Sampling, prototyping, and on-demand printing are some of the benefits direct-to garment inkjet printers represent. Discover how four companies have made these machines important parts of their businesses.


By Ben P. Rosenfield and Lori Leaman

click an image below to view slideshow

The market for direct-to-garment (DTG) inkjet printers has grown steadily over the past few years. When Screen Printing first covered the technology in its September 2005 edition, only four companies offered DTG printing systems. The playing field had more than tripled nearly two years later, with offerings from 13 companies showcased in a follow-up article in Screen Printing’s March 2007 issue. Now, almost two years after we last covered DTG systems, the manufacturer count is at 17.

The demand for DTG inkjet printers isn’t coming solely from garment screen printers who need a solution for short runs and one-off jobs. Companies that specialize in signage, graphics, and promotional items also are getting in the game, as are entrepreneurs who set up seasonally at sports events, amusement parks, and shopping malls. The following profiles demonstrate the ways in which a variety of companies have successfully integrated garment inkjet printing into their operations.

QRST’s

QRST’s is a company in growth mode. The Somerville, MA-based garment shop uses six- and eight-color M&R Gauntlet garment presses, a Brother GT-541 direct-to-garment inkjet printer, and, after re-cently acquiring a company called Cambridge Embroidery, a couple of Barudan single-head machines.

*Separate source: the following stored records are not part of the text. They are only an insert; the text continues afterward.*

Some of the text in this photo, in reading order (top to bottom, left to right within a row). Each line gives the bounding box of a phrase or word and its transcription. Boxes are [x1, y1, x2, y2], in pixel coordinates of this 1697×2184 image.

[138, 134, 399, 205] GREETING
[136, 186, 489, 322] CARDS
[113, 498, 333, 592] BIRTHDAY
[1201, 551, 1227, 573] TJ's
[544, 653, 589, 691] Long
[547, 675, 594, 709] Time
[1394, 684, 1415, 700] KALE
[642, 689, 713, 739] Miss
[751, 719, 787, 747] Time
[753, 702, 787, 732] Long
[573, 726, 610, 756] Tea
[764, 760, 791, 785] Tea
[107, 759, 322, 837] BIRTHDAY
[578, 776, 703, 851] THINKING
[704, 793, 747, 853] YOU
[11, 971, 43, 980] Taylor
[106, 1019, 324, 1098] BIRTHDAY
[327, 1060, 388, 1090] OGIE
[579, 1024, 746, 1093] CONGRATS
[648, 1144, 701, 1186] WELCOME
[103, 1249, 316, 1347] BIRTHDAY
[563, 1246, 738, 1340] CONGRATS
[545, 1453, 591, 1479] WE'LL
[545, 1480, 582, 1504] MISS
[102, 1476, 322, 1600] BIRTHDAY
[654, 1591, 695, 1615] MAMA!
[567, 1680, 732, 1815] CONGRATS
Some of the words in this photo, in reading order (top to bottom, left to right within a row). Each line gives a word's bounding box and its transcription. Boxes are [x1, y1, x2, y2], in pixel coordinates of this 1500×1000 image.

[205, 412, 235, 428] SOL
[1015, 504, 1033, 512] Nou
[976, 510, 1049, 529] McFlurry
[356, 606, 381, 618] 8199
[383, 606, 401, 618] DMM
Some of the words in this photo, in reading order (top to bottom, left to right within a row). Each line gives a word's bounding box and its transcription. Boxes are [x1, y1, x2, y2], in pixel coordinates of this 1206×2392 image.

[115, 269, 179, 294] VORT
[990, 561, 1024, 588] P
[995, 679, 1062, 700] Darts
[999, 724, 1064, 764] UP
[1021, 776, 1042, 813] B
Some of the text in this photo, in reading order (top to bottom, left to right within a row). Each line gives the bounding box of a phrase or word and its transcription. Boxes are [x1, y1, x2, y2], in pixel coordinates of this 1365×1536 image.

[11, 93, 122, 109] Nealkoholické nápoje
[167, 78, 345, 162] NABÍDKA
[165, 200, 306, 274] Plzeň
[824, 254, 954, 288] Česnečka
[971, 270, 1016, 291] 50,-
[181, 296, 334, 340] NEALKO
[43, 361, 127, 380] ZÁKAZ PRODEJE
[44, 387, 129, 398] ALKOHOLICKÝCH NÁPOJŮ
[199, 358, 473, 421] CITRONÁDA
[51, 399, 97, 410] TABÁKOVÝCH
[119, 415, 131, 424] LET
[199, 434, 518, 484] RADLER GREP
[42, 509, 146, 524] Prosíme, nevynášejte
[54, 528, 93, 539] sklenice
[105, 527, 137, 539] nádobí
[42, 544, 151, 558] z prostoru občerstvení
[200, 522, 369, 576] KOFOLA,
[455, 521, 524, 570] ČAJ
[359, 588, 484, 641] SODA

QRST’s was founded in 1989 and purchased seven years ago by Peter Rinnig. For him, digital garment decoration represented a way to complement the shop’s screen capabilities. Now, he says, it accounts for a substantial portion of his business’s gross revenue.

QRST’s bought the Brother GT-541 two and a half years ago. Rinnig says being an early adopter of the new technology has paid off in a variety of ways.

“It was about 8% of our gross the first year, then 10 or 10.5%, now it’s at 12%,” he explains. “And when you’re first to market in something like that in my area, you end up with 15 or more of your competitors who don’t have one and who come to you to get their digitally printed shirts. I already have it, so they don’t need to buy one.”

Rinnig attributes part of his success with garment inkjet printing to research. He says he made it his mission to understand from day one what would and wouldn’t be possible with the digital printer. He decided on the Brother after six months of investigating, including obtaining printed samples and visiting trade shows.